Back-end service background

The back-end service is structured as nginx + FPM, packaged as a single image and deployed in a K8s cluster. The link architecture is

The reason why an Ali Cloud default SLB is nested in front of Kong Gateway has been mentioned in the previous article, which will not affect the acceptance of this time.

Stability acceptance

I make concurrent requests during new deployments, restart instances, and rolling upgrades. In the case of multi-instance mutual backup, I expect to do this transparently for service stability. In the actual acceptance, the following problems were encountered:

5XX error occurred when the instance was newly created

We put nginx and FPM in one container, and there’s always a bit of a gap between the two when it comes to who runs first. The previous problem was that nginx started first and then started receiving requests, but the corresponding FPM was not ready yet, thus generating an error.

Improved: Run FPM before nginx, modify Dockerfile,

CMD service php5.6-fpm start &&nginx -g "daemon off;"Copy the code

During the upgrade, the Kong Gateway displays an instance DNS error.

During the upgrade, the back-end service is unavailable. The upgrade mode we choose is rolling upgrade, which is to create a new version of the instance, and then shrink an old version of the instance, and so on, until the upgrade is complete. In theory, this type of exception should not occur during the upgrade.

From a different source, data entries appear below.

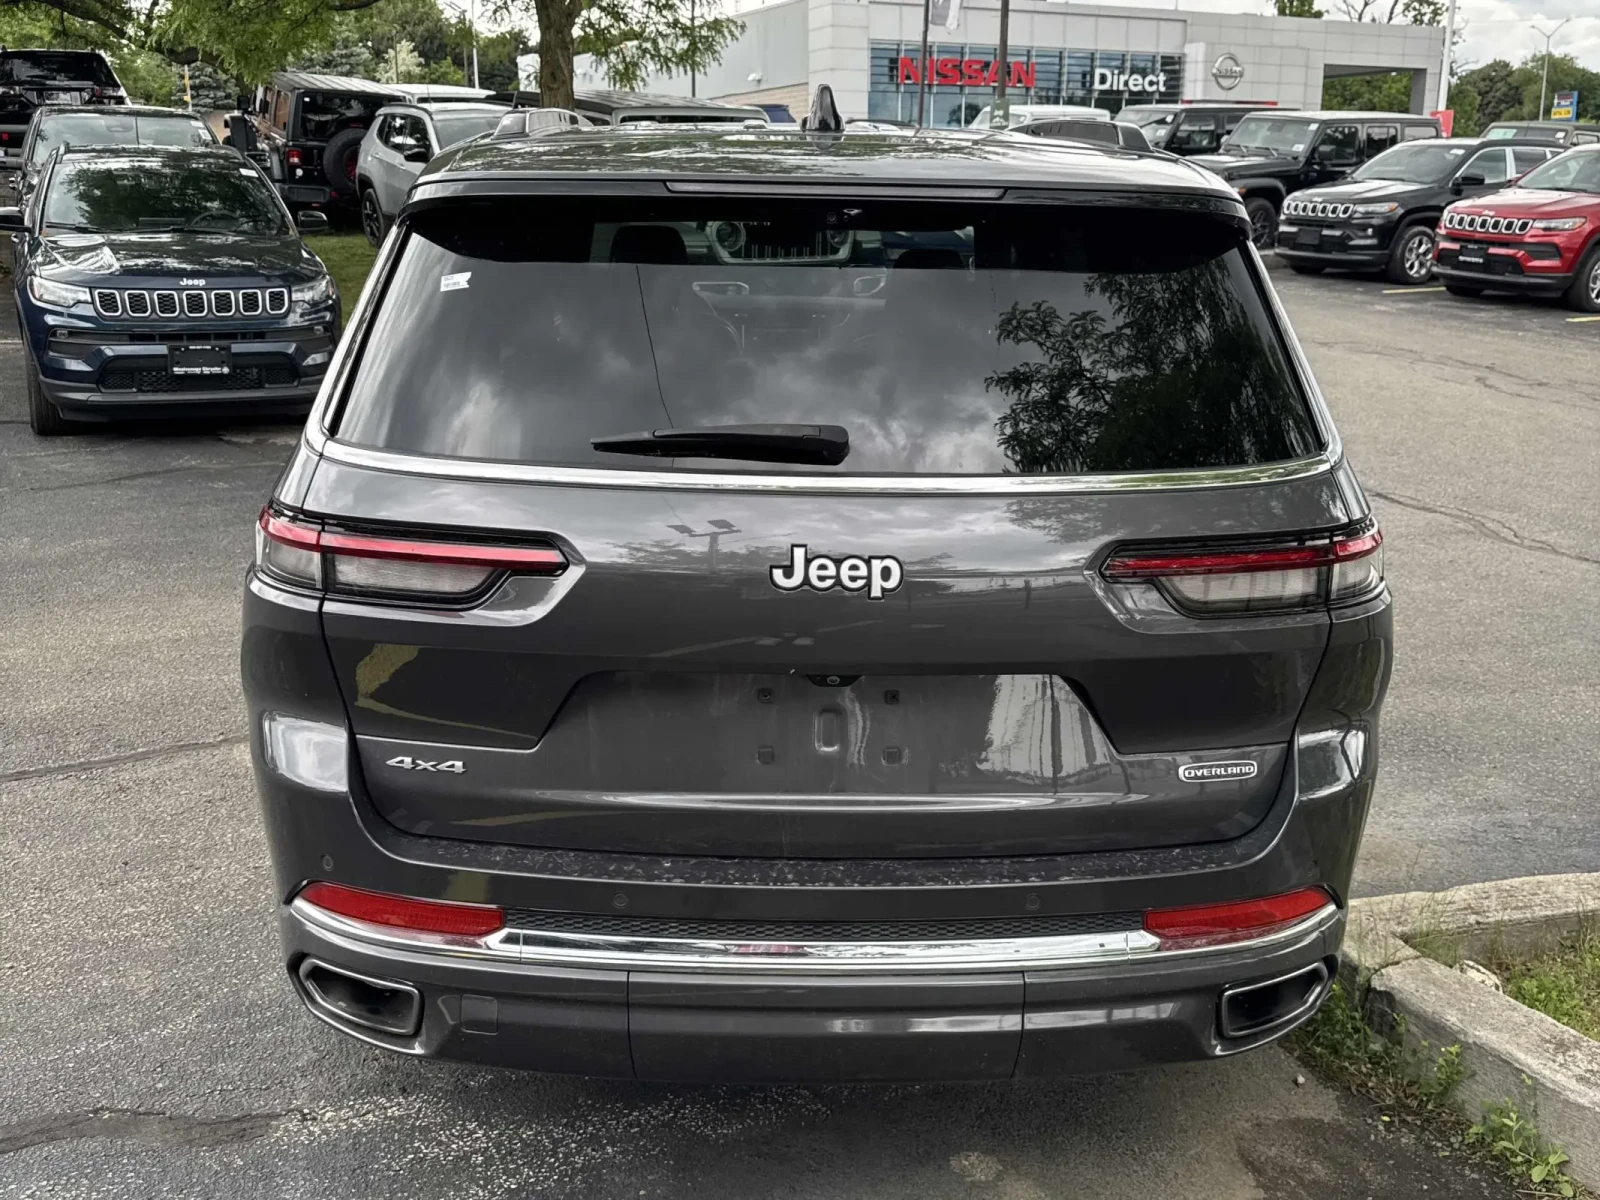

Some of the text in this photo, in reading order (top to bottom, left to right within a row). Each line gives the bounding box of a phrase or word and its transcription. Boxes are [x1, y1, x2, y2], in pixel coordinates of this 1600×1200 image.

[898, 56, 1036, 87] NISSAN
[1093, 68, 1167, 92] Direct
[179, 277, 206, 287] Jeep
[770, 544, 904, 600] Jeep
[385, 755, 467, 774] 4x4
[1184, 766, 1254, 778] OVERLAND

Cause analysis: Kong’s Controller needs to synchronize the start and stop information of Pods to Kong, so there may be inconsistent information between the two sides. The backend instance has been updated, but the target information of the old instance remains in Kong. At this point, if the request is forwarded to the target and the back-end instance is either Terminating or has been cleaned up, the request will fail.

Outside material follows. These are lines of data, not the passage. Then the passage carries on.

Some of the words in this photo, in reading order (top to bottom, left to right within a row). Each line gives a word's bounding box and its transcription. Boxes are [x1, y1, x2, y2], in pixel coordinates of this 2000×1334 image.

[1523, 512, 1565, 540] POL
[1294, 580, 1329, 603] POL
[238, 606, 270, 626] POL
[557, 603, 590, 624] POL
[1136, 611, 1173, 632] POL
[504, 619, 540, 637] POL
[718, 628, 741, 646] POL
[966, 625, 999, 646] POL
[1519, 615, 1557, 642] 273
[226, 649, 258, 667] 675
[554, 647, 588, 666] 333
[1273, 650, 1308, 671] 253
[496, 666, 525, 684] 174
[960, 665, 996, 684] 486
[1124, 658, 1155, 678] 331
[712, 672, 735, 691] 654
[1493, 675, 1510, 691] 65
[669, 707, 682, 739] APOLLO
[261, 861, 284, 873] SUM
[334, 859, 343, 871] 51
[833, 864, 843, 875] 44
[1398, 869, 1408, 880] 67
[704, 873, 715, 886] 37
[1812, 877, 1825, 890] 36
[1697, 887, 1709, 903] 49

My idea is to extend the actual graceful Shutdow time of the back-end instance so that when this happens, the old instance is still in Terminating state but still capable of processing requests. However, I couldn’t directly modify the program’s graceful shutdown logic, which I did through the preStop feature supported in the K8s Pod lifecycle.

          lifecycle:
            preStop:
              exec:
                command:
                  - /bin/sh
                  - '-c'
                  - sleep 10 && nginx -s quit
Copy the code

extended

Whether we will have the same problem when we upgrade Kong Deployment actually depends on whether the load balancer at the upper level of Kong can sense the start and stop changes of The Kong instance in time, but theoretically the same problem exists.

And Kong Deployment also has preStop enabled by default:

Image: Kong :2.2 imagePullPolicy: IfNotPresent lifecycle: preStop: exec: command: - /bin/sh - -c kong quitCopy the code

Let’s add a certain amount of “life duration” : 10 seconds, i.e. sleep 10 & Kong quit.

conclusion

When combining Kong gateway and Kubernetes, especially in the upgrade process, there are some defects in the allocation of requests. If we cannot start from Kong directly, we can try to combine K8s features.